Ah yes, now I see why.
In that case I'm +1.
Is there any value in making the pre-load module a separate module on
CPAN?
Matt.
Re: XSP Precaching
Posted by Jörg Walter <jw...@garni.ch>.
Am Monday, 22. September 2003 23:48, schrieb Matt Sergeant:
> On 22 Sep 2003, at 12:05, Jörg Walter wrote:
> > I have a working, minimal intrusive and documented patch to add
> > preloading of
> > compiled XSP pages.
>
> Interesting. Is there no way to automate this better - such as
> providing a path to XSP's you want pre-compiled, and then have them
> compiled automatically at server startup? That would seem more sensible
> to me. But maybe the design of XSP.pm isn't clean enough to support it?
Well, it would mean to duplicate a full AxKit environment at run time.
ConfigReader, $r, possibly the cache including a correct key, loaded taglibs
and everything - would be a bit of work, and error-prone, IMHO.
The current way, you get an error message when a loaded module is missing -
what you saw is exactly what you get. When parsing at startup time, you
probably only notice a taglib was missing after you executed a code path
using that missing taglib - and sometimes even that wouldn't be obvious.
--
CU
Joerg
Re: XSP Precaching
Posted by Matt Sergeant <ma...@sergeant.org>.

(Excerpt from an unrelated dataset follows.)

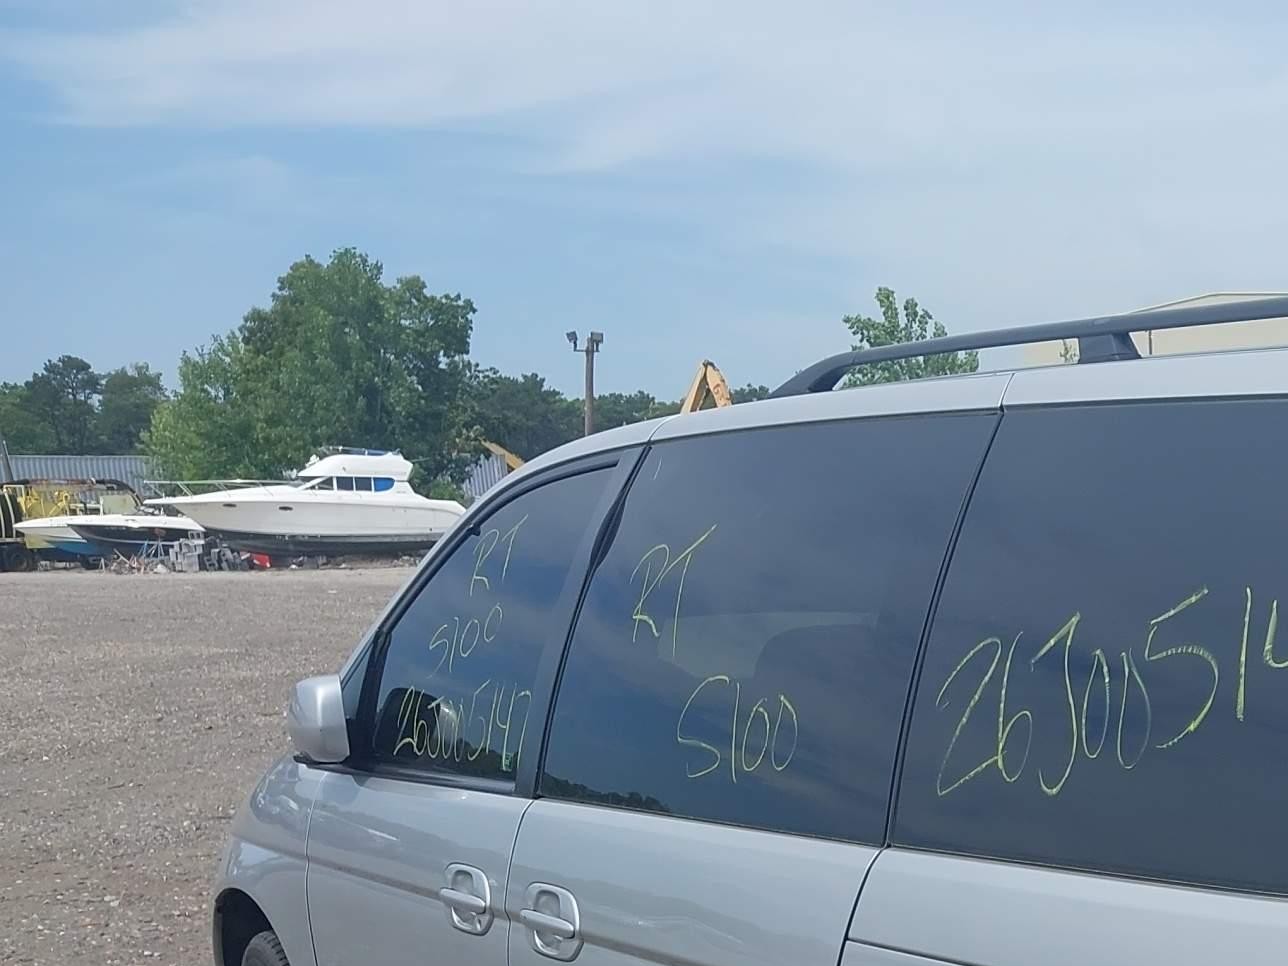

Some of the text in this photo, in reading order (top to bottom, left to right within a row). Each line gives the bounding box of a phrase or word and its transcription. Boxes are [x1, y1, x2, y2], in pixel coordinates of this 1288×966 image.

[469, 513, 529, 596] RT
[629, 524, 717, 657] RT
[392, 680, 532, 772] 26J005147

On 22 Sep 2003, at 12:05, Jörg Walter wrote:
> I have a working, minimal intrusive and documented patch to add
> preloading of
> compiled XSP pages.
Interesting. Is there no way to automate this better - such as
providing a path to XSP's you want pre-compiled, and then have them
compiled automatically at server startup? That would seem more sensible
to me. But maybe the design of XSP.pm isn't clean enough to support it?